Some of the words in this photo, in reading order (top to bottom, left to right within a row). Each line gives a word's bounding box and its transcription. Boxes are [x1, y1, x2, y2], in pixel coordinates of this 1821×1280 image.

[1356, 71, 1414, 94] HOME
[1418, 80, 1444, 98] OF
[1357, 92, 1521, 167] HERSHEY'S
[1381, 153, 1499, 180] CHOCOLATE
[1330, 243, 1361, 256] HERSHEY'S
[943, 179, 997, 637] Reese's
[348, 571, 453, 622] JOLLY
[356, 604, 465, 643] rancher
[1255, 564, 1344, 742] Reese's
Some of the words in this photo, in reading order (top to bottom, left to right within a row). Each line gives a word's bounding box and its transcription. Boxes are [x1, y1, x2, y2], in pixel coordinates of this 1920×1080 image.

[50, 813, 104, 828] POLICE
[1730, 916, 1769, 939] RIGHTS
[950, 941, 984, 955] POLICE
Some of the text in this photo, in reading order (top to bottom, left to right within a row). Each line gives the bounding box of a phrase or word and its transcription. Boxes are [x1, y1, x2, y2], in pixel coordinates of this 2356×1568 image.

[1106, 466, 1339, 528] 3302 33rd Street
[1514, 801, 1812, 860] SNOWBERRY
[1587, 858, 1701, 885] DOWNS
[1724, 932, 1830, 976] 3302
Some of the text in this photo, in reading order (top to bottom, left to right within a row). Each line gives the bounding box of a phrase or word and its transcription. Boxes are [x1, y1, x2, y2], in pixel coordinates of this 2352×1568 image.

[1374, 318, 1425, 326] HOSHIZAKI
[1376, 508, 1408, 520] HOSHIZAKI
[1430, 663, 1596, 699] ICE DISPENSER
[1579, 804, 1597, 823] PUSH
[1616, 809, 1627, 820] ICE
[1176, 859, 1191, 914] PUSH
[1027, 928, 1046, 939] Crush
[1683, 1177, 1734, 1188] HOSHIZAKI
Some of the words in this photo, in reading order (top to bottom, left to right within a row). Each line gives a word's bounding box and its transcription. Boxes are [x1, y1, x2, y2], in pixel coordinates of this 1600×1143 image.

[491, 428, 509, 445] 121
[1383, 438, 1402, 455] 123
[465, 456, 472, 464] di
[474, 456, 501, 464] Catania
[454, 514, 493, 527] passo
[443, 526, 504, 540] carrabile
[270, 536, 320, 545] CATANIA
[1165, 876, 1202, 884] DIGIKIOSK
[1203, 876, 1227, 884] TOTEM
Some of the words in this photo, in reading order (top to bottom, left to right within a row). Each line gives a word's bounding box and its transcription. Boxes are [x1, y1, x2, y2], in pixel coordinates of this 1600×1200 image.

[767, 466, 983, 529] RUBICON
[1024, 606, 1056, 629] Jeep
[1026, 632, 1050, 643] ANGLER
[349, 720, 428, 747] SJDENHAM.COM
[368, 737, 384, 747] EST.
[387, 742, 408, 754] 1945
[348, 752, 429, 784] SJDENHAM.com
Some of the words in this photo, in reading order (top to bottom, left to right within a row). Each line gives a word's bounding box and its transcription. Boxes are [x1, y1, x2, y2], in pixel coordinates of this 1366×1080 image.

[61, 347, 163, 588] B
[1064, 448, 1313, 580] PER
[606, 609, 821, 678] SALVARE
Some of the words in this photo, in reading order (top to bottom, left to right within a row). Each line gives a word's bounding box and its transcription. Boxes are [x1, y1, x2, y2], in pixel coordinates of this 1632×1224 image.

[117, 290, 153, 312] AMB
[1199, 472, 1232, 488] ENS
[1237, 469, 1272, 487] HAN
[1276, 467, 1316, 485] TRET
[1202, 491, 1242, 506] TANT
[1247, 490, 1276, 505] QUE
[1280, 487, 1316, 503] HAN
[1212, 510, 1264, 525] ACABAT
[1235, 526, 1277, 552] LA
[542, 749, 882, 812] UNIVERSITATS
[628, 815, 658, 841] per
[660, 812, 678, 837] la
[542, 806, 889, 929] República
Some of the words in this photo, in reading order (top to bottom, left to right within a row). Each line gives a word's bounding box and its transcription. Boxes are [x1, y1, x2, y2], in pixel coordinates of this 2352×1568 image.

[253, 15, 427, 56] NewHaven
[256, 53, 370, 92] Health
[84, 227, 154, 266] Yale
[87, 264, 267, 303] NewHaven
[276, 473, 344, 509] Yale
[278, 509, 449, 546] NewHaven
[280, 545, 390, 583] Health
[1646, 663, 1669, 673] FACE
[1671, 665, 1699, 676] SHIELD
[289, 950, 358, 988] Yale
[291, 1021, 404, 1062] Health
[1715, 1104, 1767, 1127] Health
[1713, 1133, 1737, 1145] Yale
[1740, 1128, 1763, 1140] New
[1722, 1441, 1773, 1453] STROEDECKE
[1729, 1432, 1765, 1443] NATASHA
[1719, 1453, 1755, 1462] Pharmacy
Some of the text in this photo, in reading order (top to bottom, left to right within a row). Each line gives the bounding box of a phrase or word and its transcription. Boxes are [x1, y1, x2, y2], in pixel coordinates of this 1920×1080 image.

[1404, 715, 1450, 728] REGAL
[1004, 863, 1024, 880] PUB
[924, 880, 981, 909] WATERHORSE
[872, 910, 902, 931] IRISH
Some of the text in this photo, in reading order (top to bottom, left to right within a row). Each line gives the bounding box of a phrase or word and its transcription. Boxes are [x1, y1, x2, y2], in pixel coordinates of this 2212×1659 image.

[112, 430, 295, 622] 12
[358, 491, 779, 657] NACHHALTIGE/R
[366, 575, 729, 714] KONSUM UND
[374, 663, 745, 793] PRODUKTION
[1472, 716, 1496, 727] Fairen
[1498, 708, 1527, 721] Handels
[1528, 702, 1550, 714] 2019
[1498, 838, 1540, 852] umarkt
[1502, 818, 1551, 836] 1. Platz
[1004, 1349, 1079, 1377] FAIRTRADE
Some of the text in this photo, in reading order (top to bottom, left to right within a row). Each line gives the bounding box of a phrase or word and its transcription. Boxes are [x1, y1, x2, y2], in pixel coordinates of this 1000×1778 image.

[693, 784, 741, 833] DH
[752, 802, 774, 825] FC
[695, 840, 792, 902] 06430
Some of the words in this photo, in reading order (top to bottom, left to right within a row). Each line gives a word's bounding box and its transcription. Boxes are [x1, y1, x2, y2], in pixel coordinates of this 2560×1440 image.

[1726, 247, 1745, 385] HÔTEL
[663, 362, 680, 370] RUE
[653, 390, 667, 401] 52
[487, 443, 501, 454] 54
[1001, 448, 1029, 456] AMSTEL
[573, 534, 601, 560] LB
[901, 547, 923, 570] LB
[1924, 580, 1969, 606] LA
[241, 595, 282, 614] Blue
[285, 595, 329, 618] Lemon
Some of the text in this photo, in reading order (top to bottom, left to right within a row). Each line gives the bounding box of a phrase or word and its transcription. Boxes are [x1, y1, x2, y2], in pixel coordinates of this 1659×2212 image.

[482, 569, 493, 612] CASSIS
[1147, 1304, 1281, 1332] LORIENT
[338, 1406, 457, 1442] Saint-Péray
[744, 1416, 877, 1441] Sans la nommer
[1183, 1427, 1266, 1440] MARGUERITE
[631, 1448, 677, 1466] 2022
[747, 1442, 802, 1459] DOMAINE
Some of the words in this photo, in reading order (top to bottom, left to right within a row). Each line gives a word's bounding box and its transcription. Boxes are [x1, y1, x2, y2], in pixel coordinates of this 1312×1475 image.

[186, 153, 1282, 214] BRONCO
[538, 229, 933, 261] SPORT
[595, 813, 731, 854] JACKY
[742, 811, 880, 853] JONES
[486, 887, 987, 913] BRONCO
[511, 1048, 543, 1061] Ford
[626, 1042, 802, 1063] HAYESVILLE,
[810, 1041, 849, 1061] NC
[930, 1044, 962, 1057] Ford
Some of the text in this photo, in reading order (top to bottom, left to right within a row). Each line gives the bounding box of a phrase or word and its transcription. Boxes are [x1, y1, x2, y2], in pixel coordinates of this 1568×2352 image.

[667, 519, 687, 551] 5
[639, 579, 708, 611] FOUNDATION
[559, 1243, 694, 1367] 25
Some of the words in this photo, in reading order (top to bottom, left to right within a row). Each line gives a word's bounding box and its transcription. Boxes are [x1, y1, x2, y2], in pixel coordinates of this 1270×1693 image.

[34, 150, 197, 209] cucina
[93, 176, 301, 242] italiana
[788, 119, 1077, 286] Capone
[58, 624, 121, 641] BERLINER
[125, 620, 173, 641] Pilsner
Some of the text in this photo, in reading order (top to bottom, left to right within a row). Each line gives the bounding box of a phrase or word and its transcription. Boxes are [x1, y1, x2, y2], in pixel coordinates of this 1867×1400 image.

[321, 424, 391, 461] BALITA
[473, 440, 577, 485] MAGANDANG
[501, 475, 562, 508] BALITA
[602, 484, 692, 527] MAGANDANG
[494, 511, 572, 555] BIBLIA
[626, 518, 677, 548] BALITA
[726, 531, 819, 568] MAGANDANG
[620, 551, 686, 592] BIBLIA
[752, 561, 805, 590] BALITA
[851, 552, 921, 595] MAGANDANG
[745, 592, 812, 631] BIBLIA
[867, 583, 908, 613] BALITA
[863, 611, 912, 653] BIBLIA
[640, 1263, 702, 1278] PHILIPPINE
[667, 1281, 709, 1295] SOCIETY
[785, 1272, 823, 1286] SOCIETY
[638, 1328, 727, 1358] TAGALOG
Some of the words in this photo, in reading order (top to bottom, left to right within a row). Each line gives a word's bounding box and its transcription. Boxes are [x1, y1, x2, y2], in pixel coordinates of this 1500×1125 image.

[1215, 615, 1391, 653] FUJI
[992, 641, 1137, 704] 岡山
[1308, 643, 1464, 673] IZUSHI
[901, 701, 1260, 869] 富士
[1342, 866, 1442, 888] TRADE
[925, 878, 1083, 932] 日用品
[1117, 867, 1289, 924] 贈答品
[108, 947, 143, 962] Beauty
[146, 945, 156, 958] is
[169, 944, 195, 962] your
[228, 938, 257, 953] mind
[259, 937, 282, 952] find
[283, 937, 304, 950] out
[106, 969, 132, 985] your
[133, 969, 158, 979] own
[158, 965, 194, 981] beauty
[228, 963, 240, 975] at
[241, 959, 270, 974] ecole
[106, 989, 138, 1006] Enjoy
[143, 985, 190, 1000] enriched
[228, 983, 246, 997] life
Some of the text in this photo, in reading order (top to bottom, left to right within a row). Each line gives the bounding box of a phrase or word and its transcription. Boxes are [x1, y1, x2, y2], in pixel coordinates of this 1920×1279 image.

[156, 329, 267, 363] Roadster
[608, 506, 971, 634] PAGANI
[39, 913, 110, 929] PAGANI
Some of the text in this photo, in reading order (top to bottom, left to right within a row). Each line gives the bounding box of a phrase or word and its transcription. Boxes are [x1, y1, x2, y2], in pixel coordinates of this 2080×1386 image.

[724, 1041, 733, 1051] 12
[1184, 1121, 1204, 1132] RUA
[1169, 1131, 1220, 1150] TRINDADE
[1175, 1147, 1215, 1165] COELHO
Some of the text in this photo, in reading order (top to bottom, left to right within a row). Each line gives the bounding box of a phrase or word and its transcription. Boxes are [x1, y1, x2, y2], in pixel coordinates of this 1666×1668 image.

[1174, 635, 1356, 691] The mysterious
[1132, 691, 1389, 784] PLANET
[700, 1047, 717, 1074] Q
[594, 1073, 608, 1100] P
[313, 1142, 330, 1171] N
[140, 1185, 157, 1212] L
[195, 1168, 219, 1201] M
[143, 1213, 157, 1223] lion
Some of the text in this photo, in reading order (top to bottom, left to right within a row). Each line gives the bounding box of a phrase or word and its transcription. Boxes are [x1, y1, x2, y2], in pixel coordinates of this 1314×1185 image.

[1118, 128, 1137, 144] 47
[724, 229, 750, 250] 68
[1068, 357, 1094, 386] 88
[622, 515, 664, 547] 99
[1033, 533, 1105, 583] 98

----------

### Task instructions
What you return should be only the lines from the line containing "this 1314×1185 image." through the end of the material above, reproduced exactly, first and last included.

### Solution to this exercise
Some of the text in this photo, in reading order (top to bottom, left to right within a row). Each line gives the bounding box of a phrase or word and its transcription. Boxes are [x1, y1, x2, y2], in pixel coordinates of this 1314×1185 image.

[1118, 128, 1137, 144] 47
[724, 229, 750, 250] 68
[1068, 357, 1094, 386] 88
[622, 515, 664, 547] 99
[1033, 533, 1105, 583] 98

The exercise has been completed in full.